By Edward Nawotka
Sourcebooks, an independent publisher based in Chicago, made headlines earlier this year when they announced they would delay the publication of the e-book edition of Kaleb Nation’s Bran Hambric for at least six months in order to avoid online cannibalization of the print edition—or perhaps to prevent Nation’s vast online fan base from finding a way to break the DRM and distribute the book illegally. (Read our article by Kaleb Nation here.)
What’s more, the practice is becoming increasingly more commonplace, as more and more titles, such as Ted Kennedy’s True Compass and Stephen King’s Under the Dome (published this week) will have staggered e-book releases. King’s novel, in particular, is getting special treatment: It will be released as an e-book at 12:01 a.m. on December 24 and be priced at $35—same as the hardcover.

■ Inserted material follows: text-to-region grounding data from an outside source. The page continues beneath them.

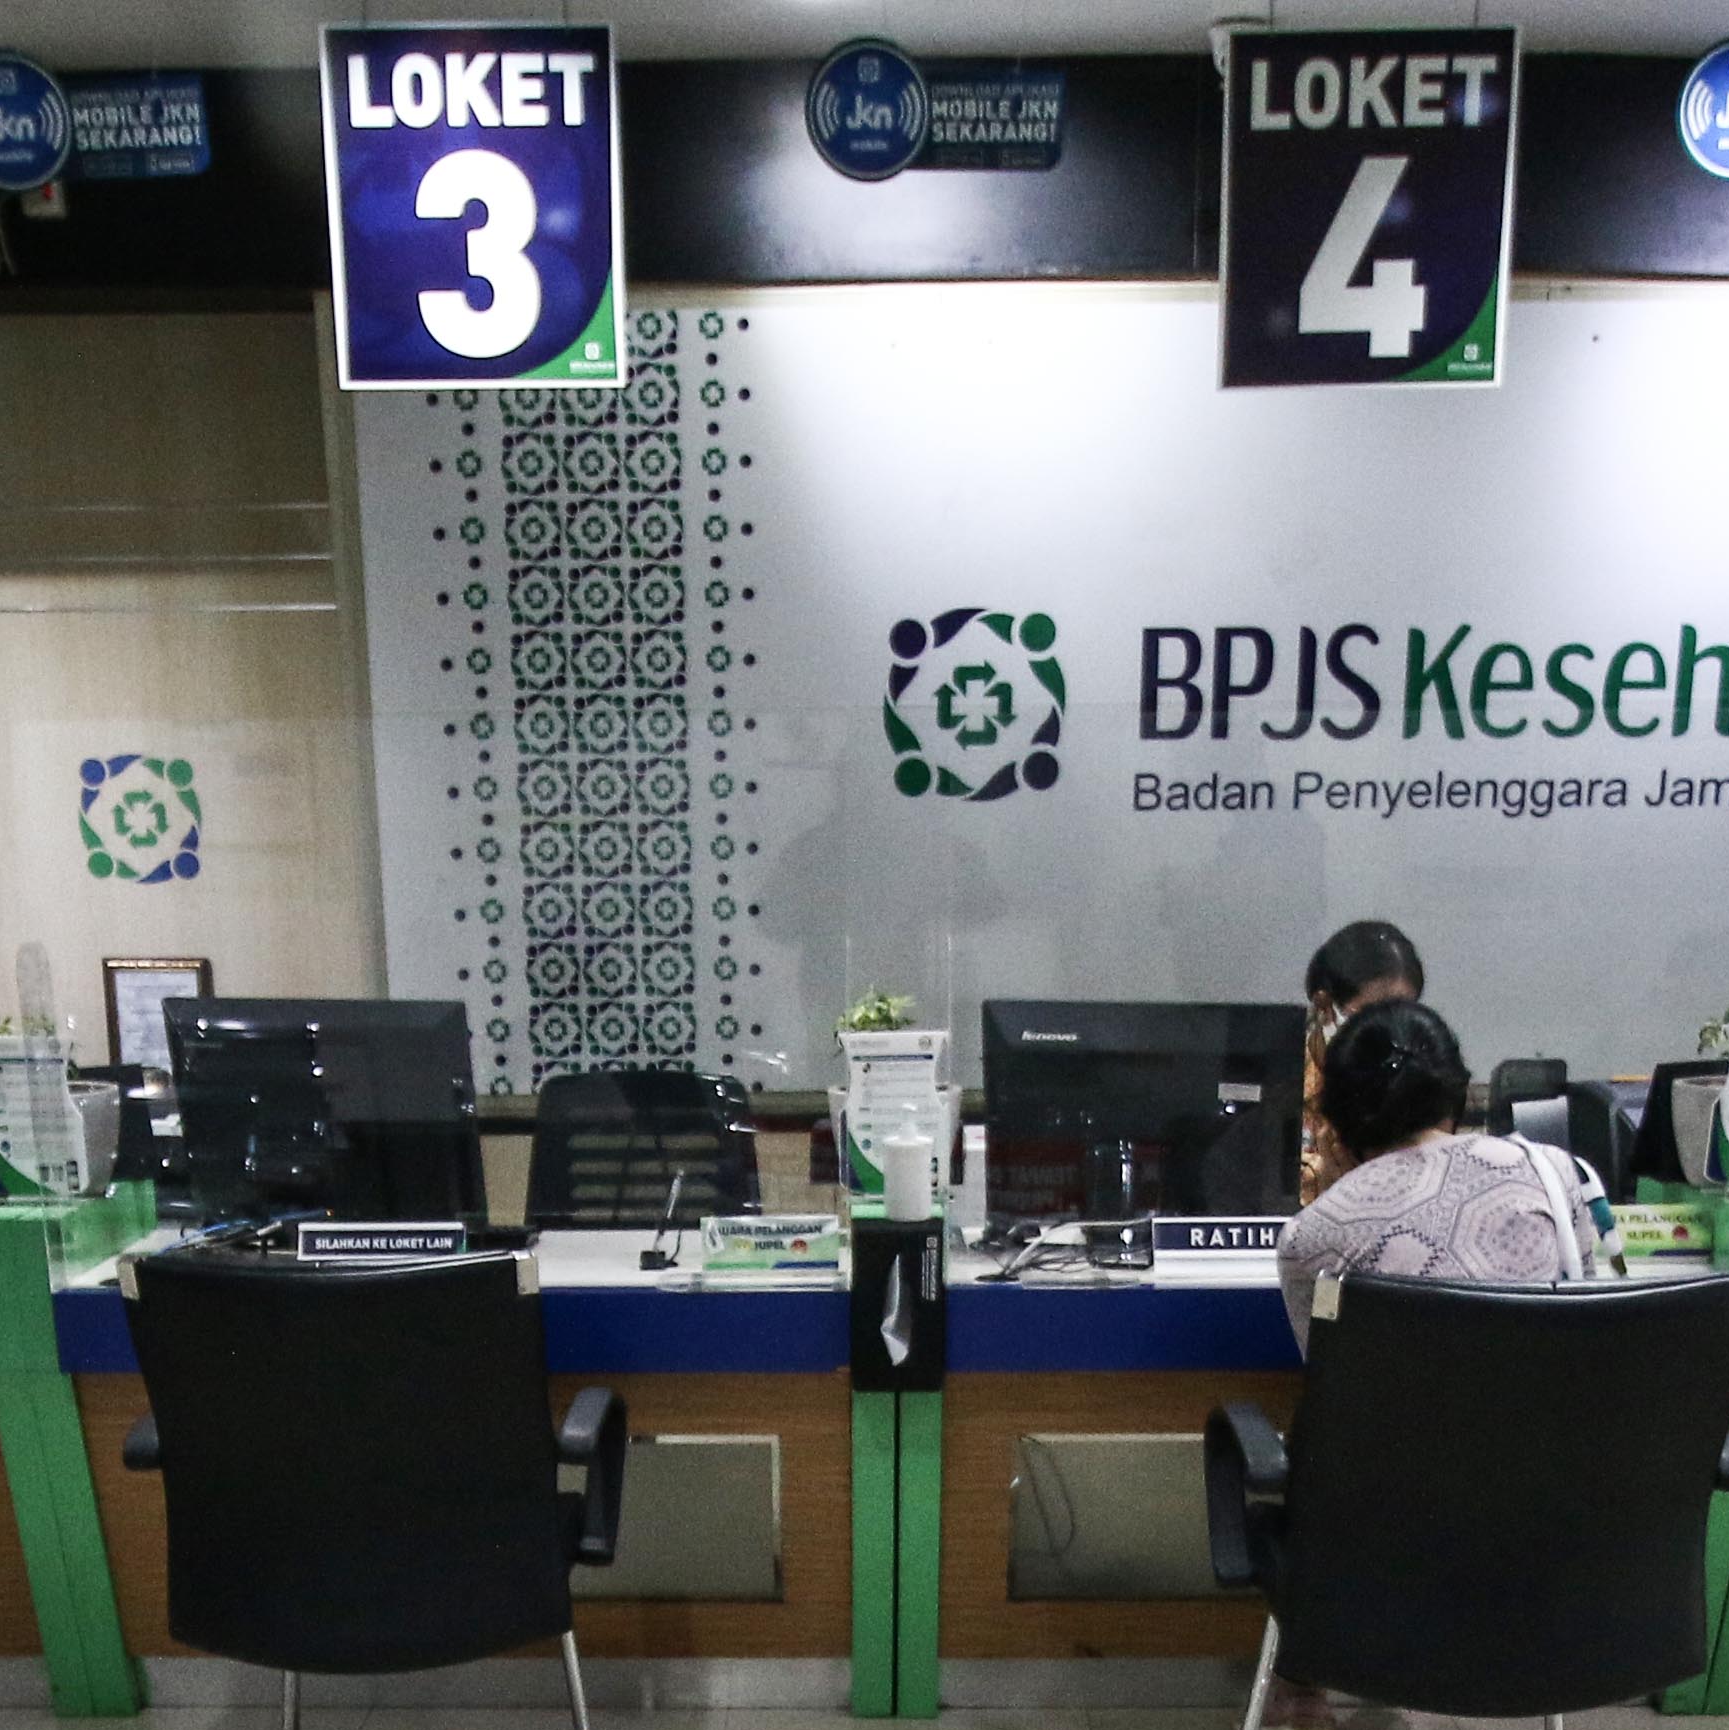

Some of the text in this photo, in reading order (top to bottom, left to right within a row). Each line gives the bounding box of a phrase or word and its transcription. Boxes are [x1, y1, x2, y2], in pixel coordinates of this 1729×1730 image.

[347, 52, 594, 129] LOKET
[1250, 56, 1497, 130] LOKET
[72, 103, 201, 129] MOBILE JKN
[931, 99, 1059, 121] MOBILE JKN
[75, 126, 203, 151] SEKARANG!
[931, 122, 1056, 143] SEKARANG!
[415, 148, 542, 359] 3
[1298, 156, 1426, 359] 4
[1139, 622, 1382, 742] BPJS
[1133, 772, 1275, 813] Badan
[1292, 771, 1628, 820] Penyelenggara
[315, 1237, 453, 1250] SILAHKAN KE LOKET LAIN
[754, 1224, 822, 1238] PELANGGAN
[1189, 1228, 1275, 1247] RATIH
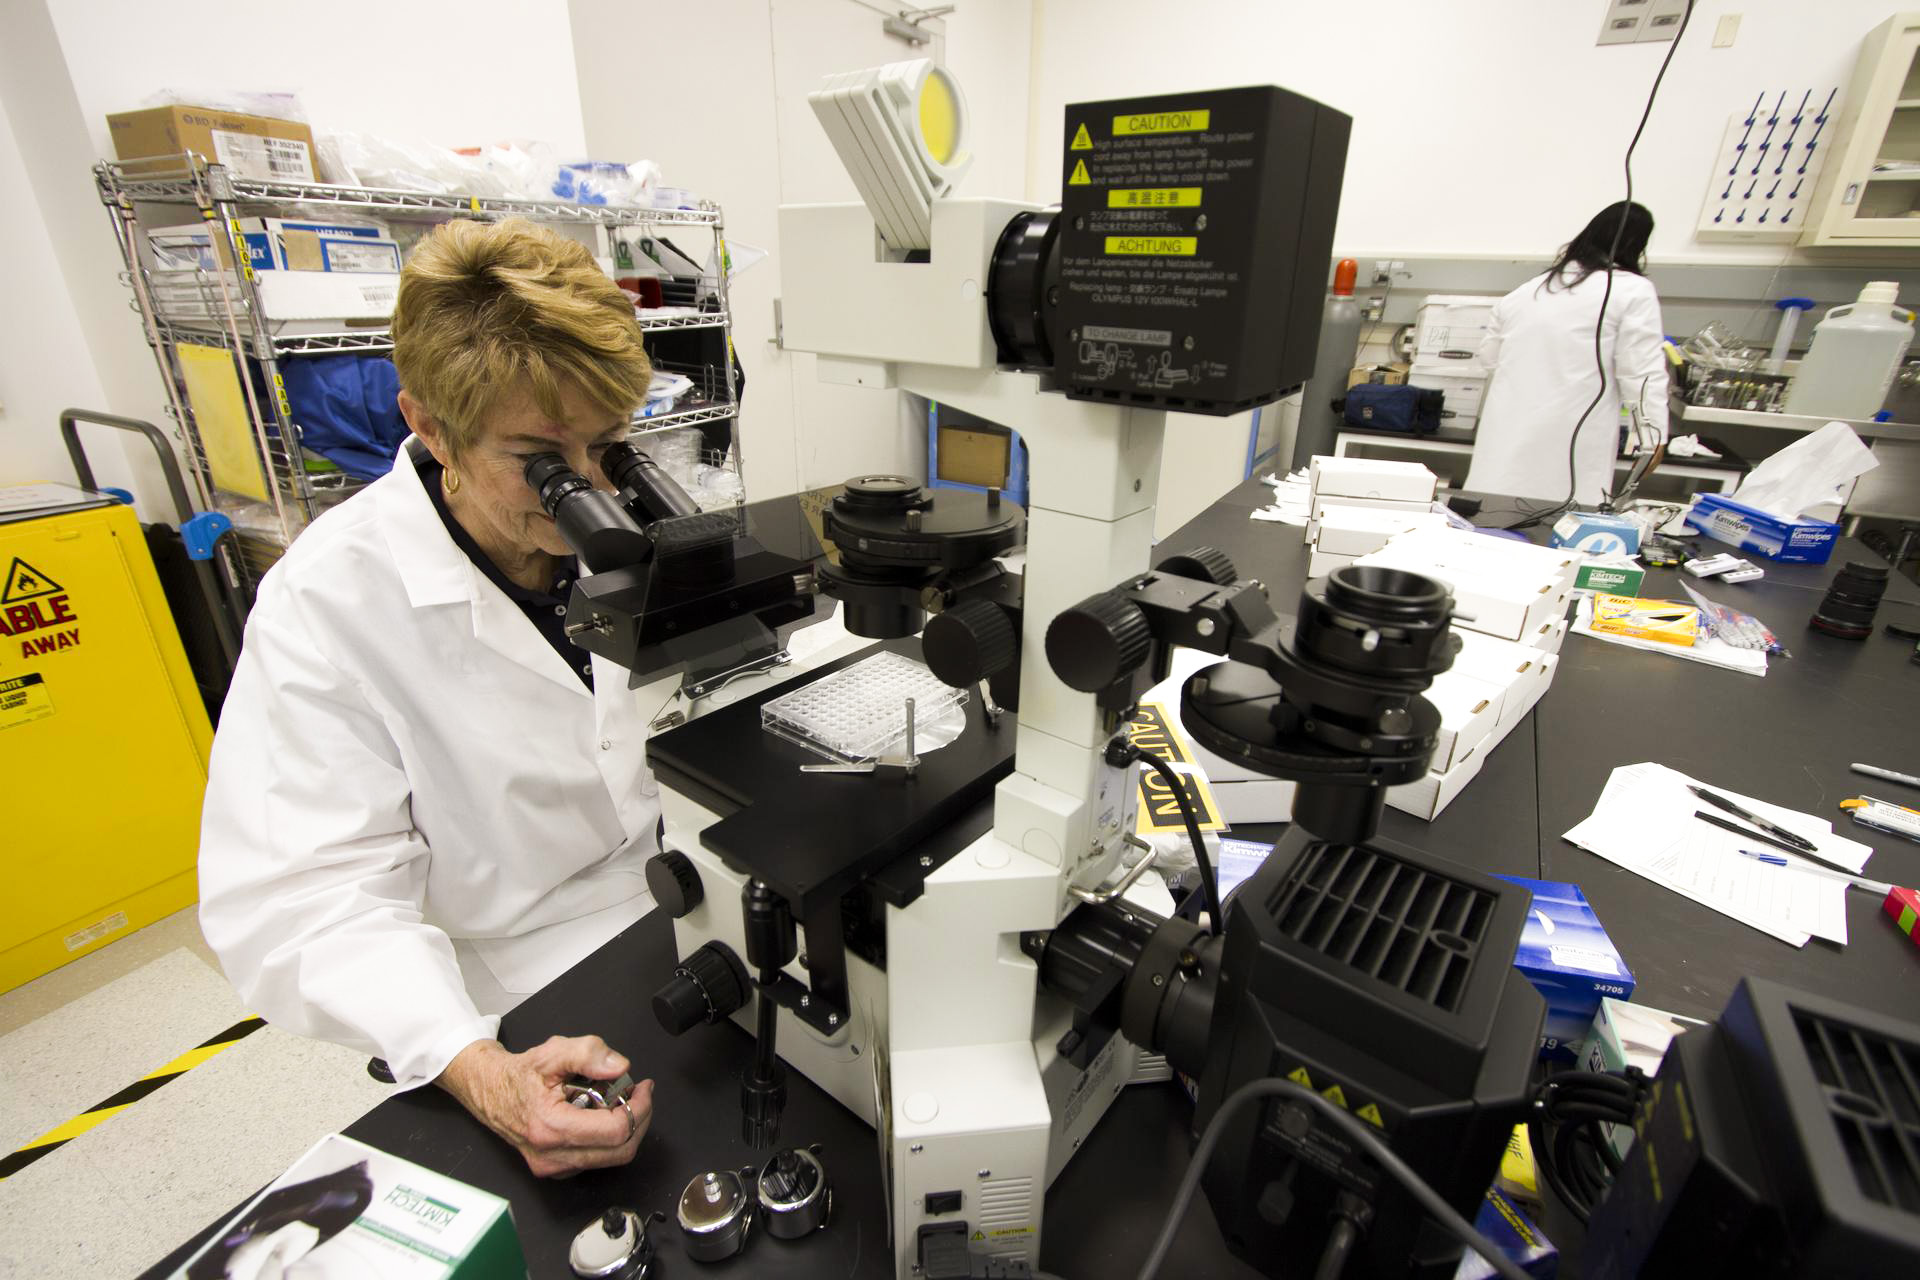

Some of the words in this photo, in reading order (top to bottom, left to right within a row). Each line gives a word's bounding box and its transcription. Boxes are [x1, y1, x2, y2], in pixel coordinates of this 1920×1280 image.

[1129, 114, 1192, 132] CAUTION
[1117, 239, 1182, 254] ACHTUNG
[1091, 293, 1133, 304] OLYMPUS
[1715, 513, 1750, 532] Kimwipes
[1791, 532, 1832, 542] Kimwipes
[21, 627, 80, 659] AWAY
[1129, 710, 1199, 816] CAUTON
[1593, 983, 1624, 994] 34705
[383, 1188, 457, 1228] KIMTECH

What’s interesting to note is that while this may, at first glance, seem like a reasonable, if not logical, strategy, it could also be an example of missing an opportunity. Doubleday released Dan Brown’s The Lost Symbol as an e-book simultaneously with the hardcover and saw record first-day sales, as people rushed to buy the book as soon as possible. E-book sales for the title fell dramatically in the following days, but it proved that a book with high initial demand can take advantage of, well, initial demand. (Sales of The Lost Symbol have not been as consistently strong as one might have hoped, though it still sits at #2 on the New York Times bestseller list.)
We’re curious to know what you think of the strategy of delaying an e-book release of a hot new title? Is this a good model for making the most of a high priced hardcover? A foolish strategy that is losing sales? Or something in between?